§ **Problem requirements**: Having found the line containing "this 883×1920 image." in the data below, reproduce that line and each one after it to the end, exactly, and include nothing else.

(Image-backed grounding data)
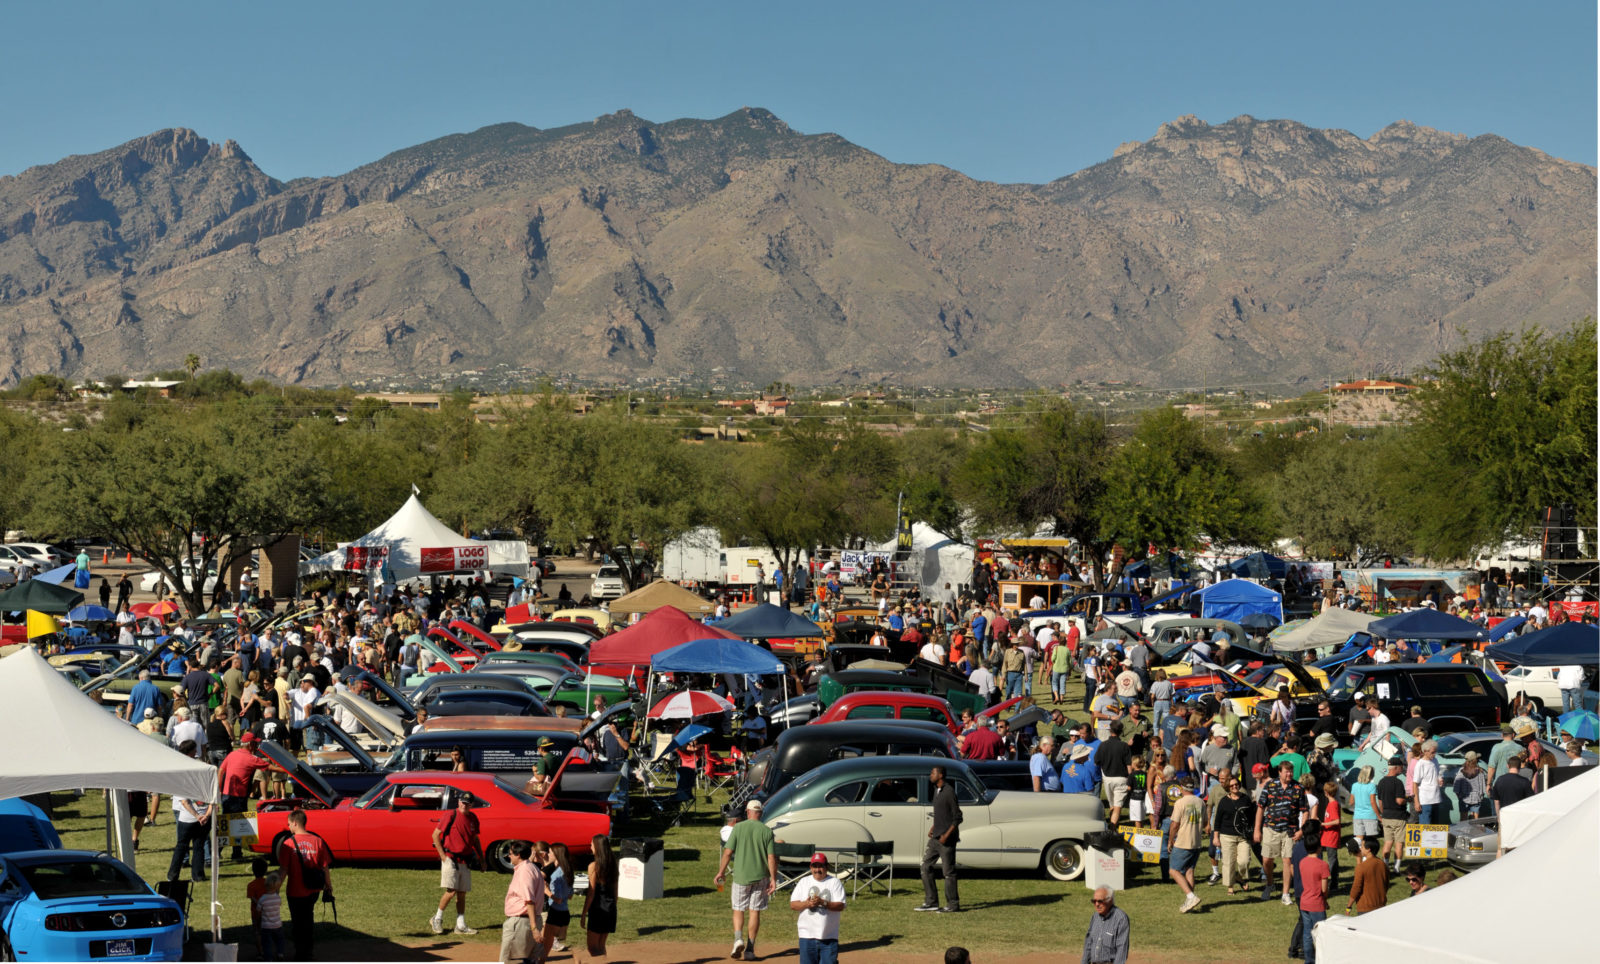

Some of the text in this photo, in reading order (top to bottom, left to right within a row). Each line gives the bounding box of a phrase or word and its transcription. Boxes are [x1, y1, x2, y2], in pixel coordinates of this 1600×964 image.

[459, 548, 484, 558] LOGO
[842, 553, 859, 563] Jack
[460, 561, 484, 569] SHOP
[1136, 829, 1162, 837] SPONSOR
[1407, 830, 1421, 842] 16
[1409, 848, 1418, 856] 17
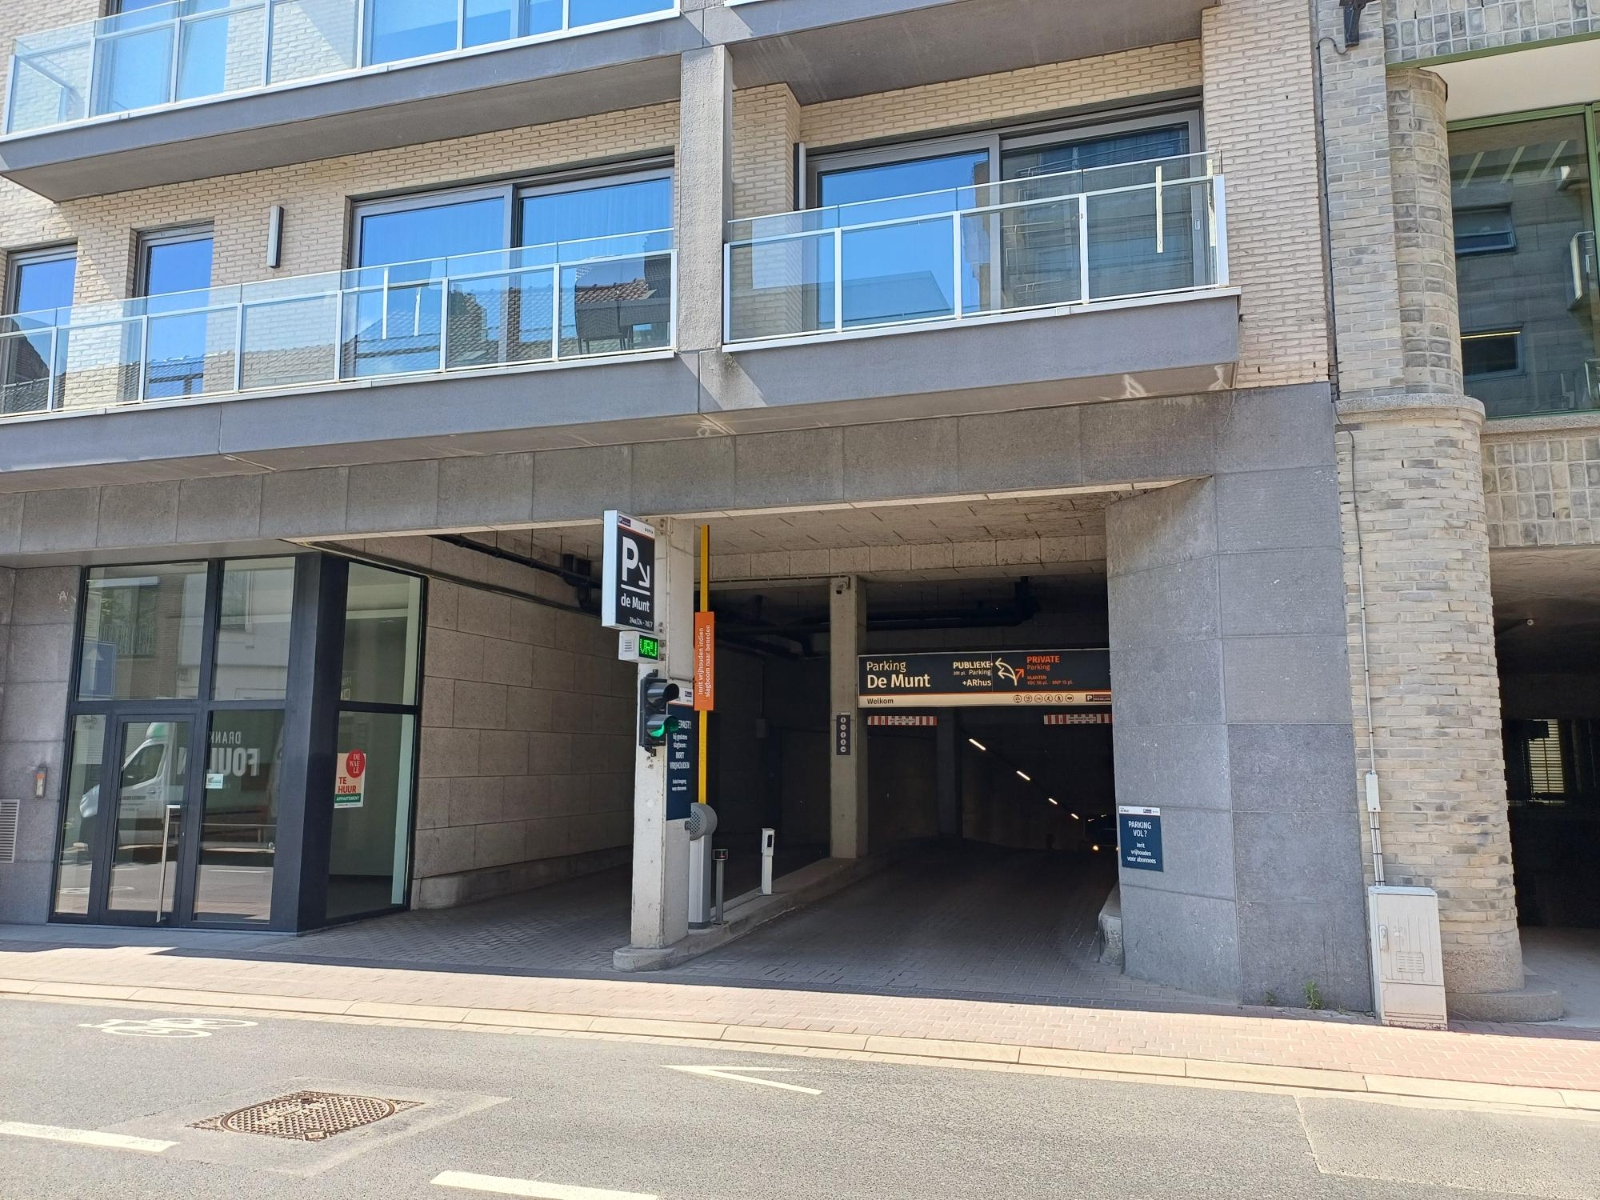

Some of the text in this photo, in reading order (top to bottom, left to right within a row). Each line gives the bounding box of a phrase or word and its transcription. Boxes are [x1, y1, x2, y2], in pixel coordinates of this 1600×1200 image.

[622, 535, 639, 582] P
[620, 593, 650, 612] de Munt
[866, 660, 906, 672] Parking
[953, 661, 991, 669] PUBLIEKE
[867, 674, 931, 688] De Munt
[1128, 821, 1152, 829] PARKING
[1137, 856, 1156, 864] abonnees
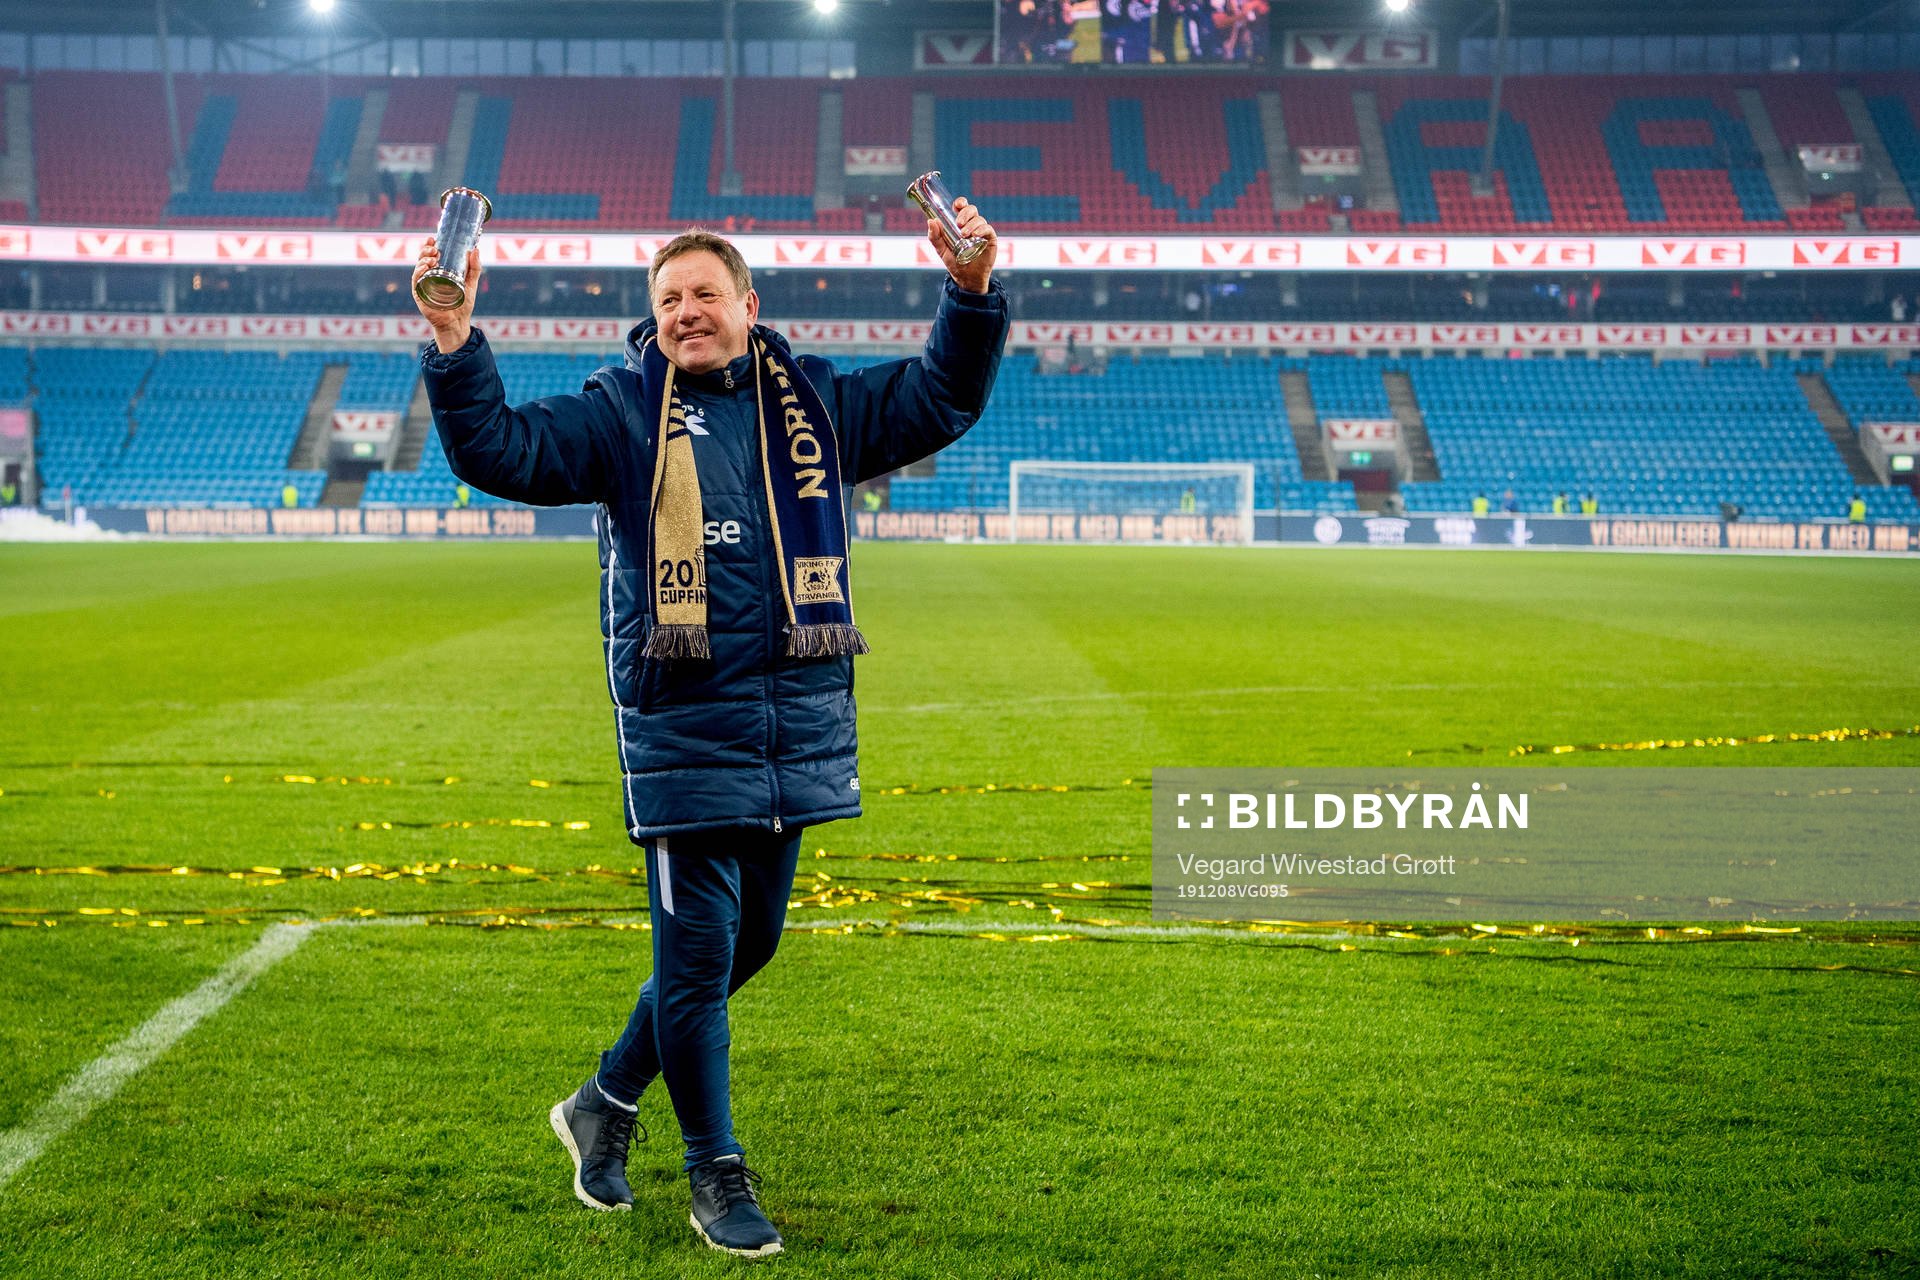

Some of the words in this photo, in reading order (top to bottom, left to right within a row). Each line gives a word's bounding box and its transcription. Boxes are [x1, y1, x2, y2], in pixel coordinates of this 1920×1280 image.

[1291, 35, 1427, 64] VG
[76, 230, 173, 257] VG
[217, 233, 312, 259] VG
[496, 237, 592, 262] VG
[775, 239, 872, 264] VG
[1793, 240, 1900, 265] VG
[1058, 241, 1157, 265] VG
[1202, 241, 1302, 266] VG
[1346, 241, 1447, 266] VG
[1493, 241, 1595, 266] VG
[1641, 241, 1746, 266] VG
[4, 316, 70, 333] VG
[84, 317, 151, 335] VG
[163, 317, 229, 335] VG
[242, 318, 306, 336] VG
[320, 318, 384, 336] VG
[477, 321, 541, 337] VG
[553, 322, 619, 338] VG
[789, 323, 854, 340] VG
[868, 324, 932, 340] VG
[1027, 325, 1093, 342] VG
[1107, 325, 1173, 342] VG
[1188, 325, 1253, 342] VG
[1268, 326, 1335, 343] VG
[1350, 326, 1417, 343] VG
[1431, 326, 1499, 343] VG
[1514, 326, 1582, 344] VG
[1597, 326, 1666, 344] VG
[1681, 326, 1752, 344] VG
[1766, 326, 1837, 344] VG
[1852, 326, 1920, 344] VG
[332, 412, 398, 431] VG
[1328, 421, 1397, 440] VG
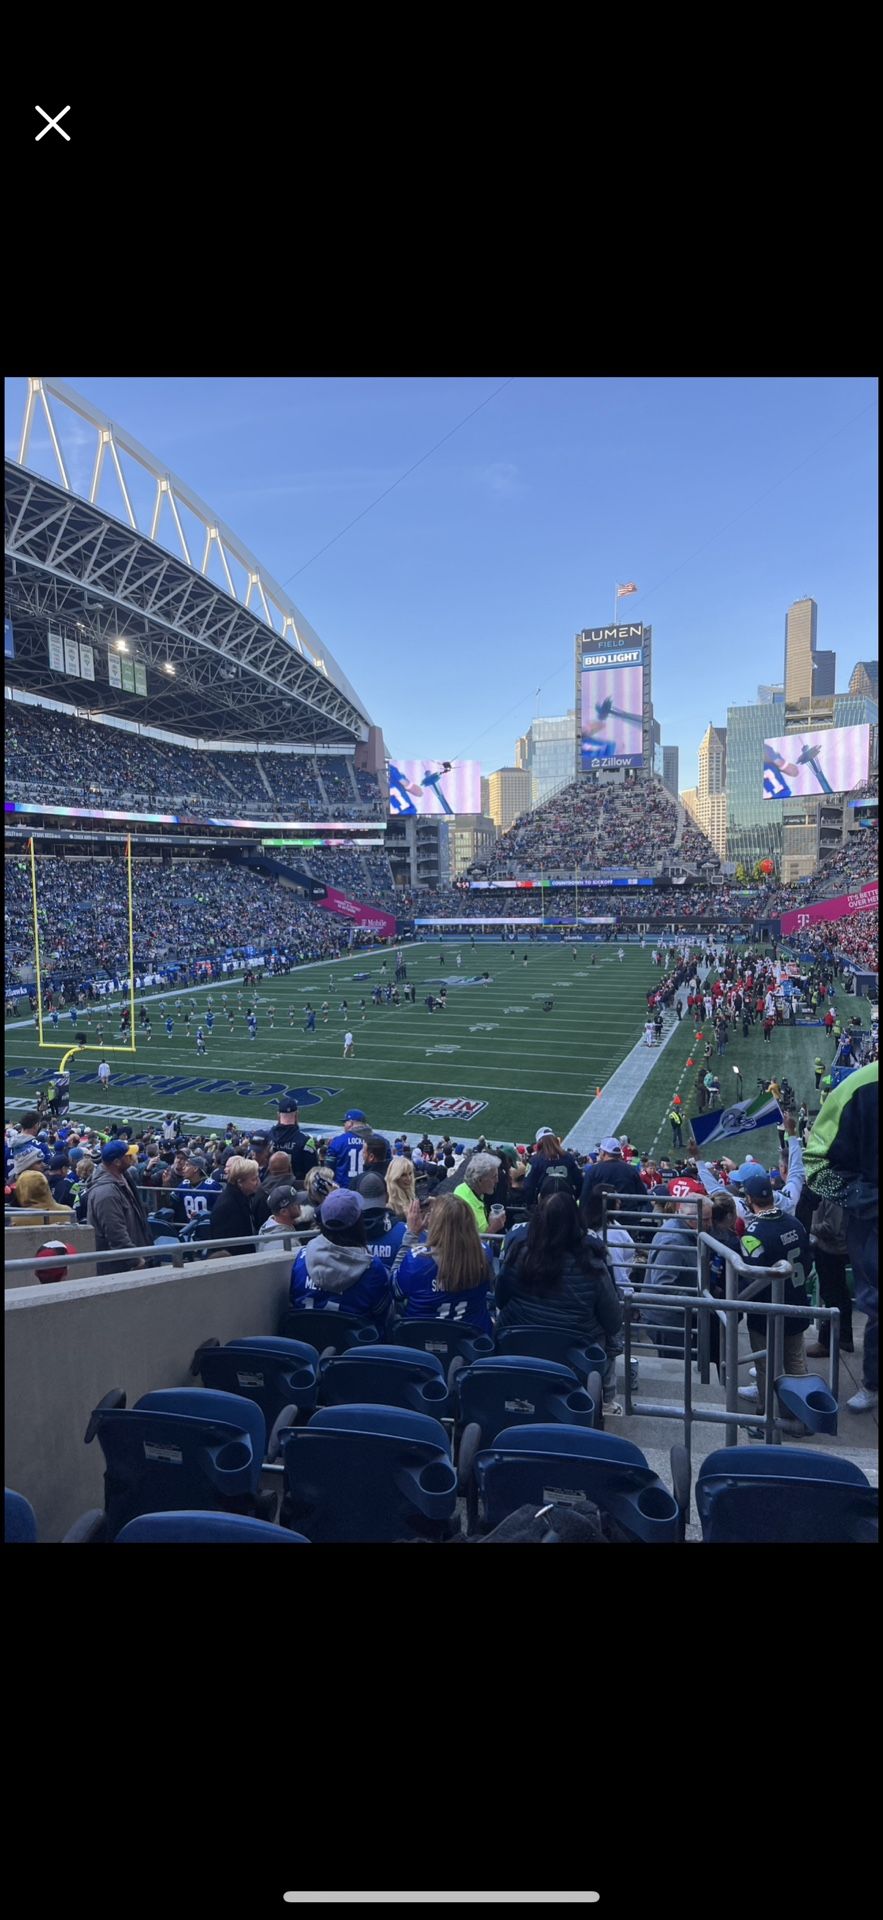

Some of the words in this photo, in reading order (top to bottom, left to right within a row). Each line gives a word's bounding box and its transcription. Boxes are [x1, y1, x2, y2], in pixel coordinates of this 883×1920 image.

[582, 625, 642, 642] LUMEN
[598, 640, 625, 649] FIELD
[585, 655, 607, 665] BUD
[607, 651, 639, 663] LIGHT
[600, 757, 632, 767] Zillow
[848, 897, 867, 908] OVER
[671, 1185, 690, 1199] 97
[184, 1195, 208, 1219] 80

§ **Output for this exercise**:
Some of the words in this photo, in reading order (top to bottom, left to right within a row). Each line gives a word's bounding box and its transcription. Boxes are [x1, y1, x2, y2], in pixel coordinates of this 883×1920 image.

[582, 625, 642, 642] LUMEN
[598, 640, 625, 649] FIELD
[585, 655, 607, 665] BUD
[607, 651, 639, 663] LIGHT
[600, 757, 632, 767] Zillow
[848, 897, 867, 908] OVER
[671, 1185, 690, 1199] 97
[184, 1195, 208, 1219] 80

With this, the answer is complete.